■ **Your assignment**: Please output all of the entries exactly and omit any images they hold.

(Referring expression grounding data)

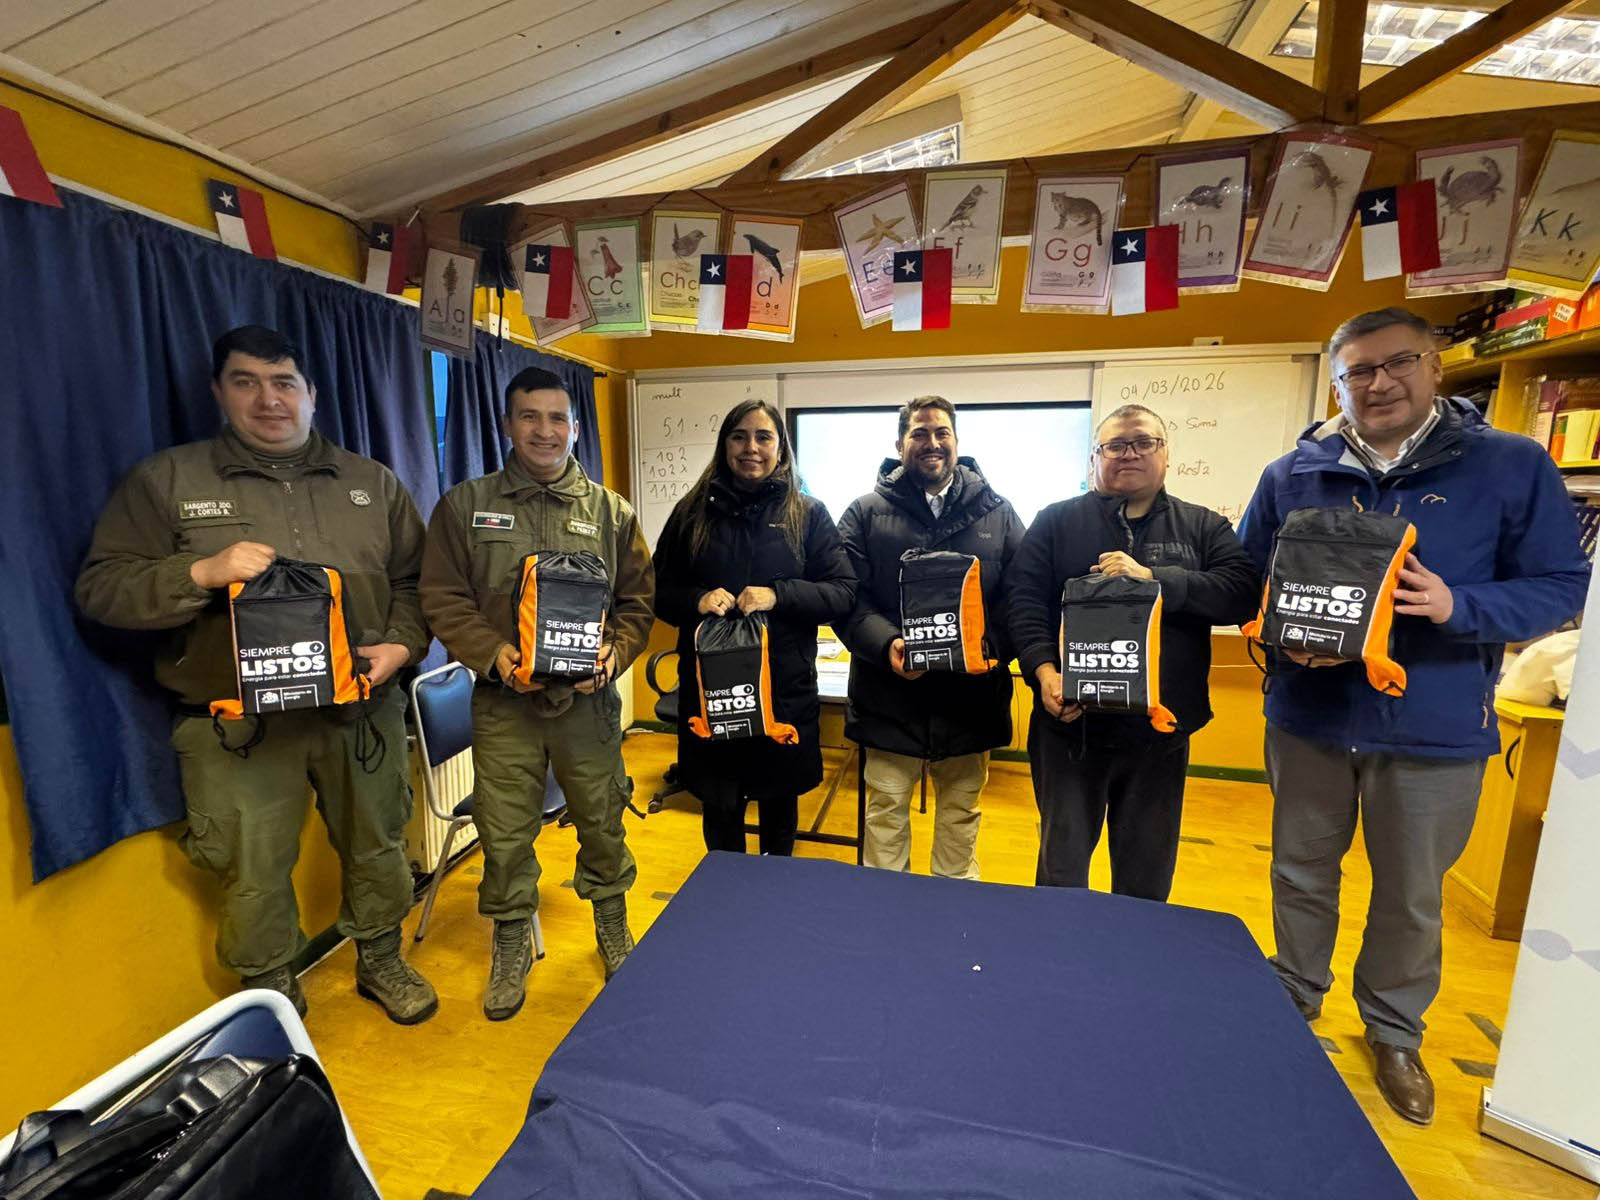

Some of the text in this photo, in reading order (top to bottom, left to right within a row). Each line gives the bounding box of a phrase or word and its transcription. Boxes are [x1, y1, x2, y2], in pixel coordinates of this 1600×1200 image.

[756, 276, 773, 298] d
[1120, 371, 1225, 400] 04/03/2026
[1281, 581, 1331, 596] SIEMPRE
[1277, 593, 1364, 619] LISTOS
[546, 619, 584, 631] SIEMPRE
[904, 616, 933, 626] IEMPRE
[240, 646, 291, 658] SIEMPRE
[1068, 642, 1110, 651] SIEMPRE
[241, 655, 327, 676] LISTOS
[1068, 653, 1139, 668] LISTOS
[705, 688, 732, 698] EMPRE
[707, 695, 757, 712] ISTOS
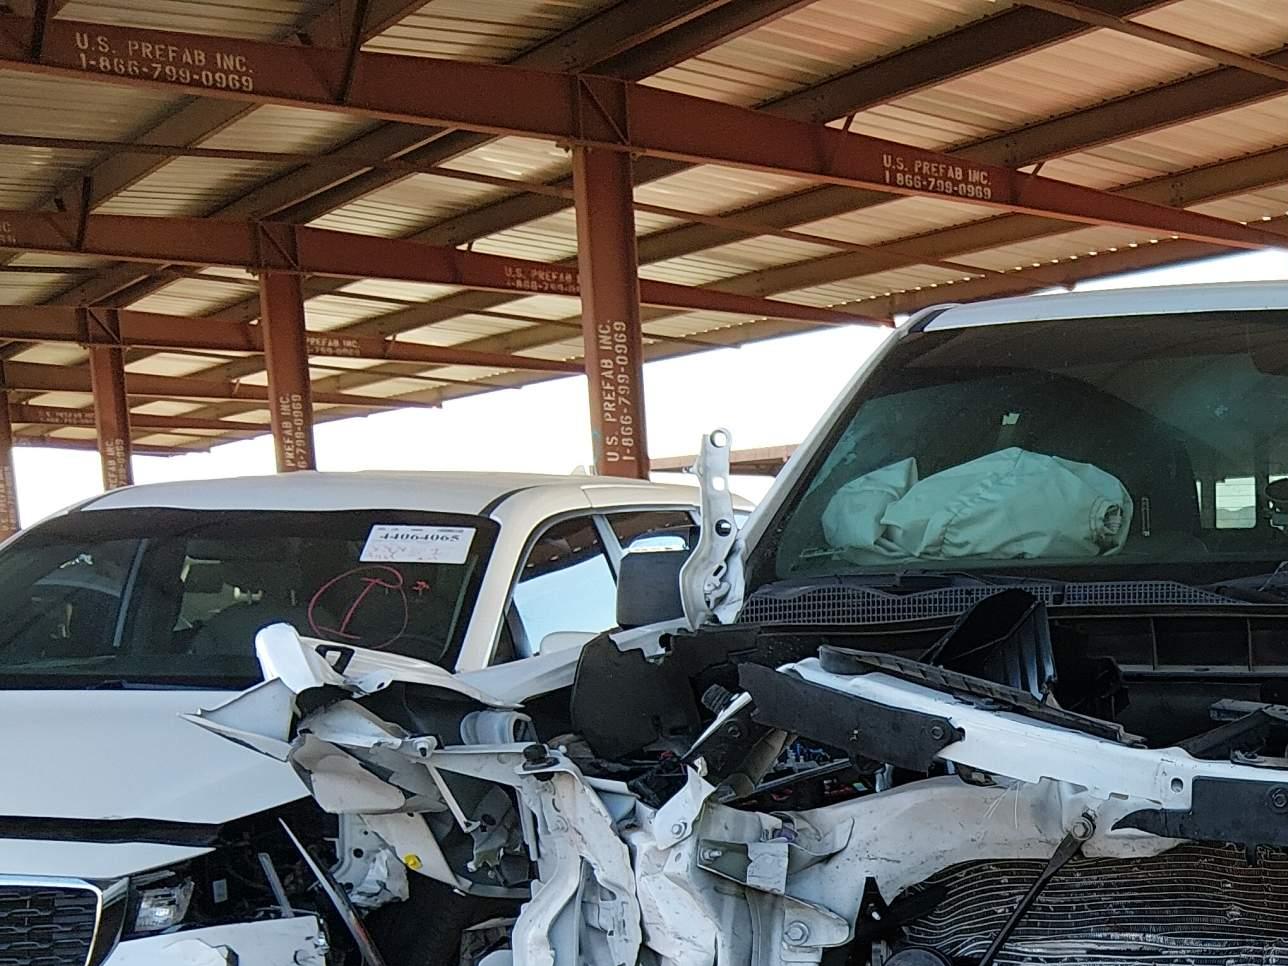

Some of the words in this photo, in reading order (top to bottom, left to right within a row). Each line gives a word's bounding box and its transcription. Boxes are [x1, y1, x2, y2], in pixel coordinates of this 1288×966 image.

[75, 31, 117, 54] U.S.
[128, 40, 206, 66] PREFAB
[215, 52, 253, 74] INC.
[79, 52, 253, 92] 1-866-799-0969
[883, 154, 908, 171] U.S.
[914, 160, 963, 180] PREFAB
[968, 169, 992, 185] INC.
[598, 319, 613, 351] INC.
[600, 358, 618, 422] PREFAB
[613, 321, 635, 461] 1-866-799-0969
[281, 421, 296, 467] PREFAB

■ **Solution to this exercise**:
Some of the text in this photo, in reading order (top to bottom, left to right within a row). Each line gives the bounding box of a phrase or word and its transcription. Boxes are [x1, y1, x2, y2], in pixel coordinates of this 1600×1200 image.

[756, 276, 773, 298] d
[1120, 371, 1225, 400] 04/03/2026
[1281, 581, 1331, 596] SIEMPRE
[1277, 593, 1364, 619] LISTOS
[546, 619, 584, 631] SIEMPRE
[904, 616, 933, 626] IEMPRE
[240, 646, 291, 658] SIEMPRE
[1068, 642, 1110, 651] SIEMPRE
[241, 655, 327, 676] LISTOS
[1068, 653, 1139, 668] LISTOS
[705, 688, 732, 698] EMPRE
[707, 695, 757, 712] ISTOS

Some of the words in this photo, in reading order (top to bottom, left to right within a row). Each line gives a word's bounding box and its transcription. Boxes are [x1, y1, x2, y2], in pixel coordinates of this 1288×966 image.

[75, 31, 117, 54] U.S.
[128, 40, 206, 66] PREFAB
[215, 52, 253, 74] INC.
[79, 52, 253, 92] 1-866-799-0969
[883, 154, 908, 171] U.S.
[914, 160, 963, 180] PREFAB
[968, 169, 992, 185] INC.
[598, 319, 613, 351] INC.
[600, 358, 618, 422] PREFAB
[613, 321, 635, 461] 1-866-799-0969
[281, 421, 296, 467] PREFAB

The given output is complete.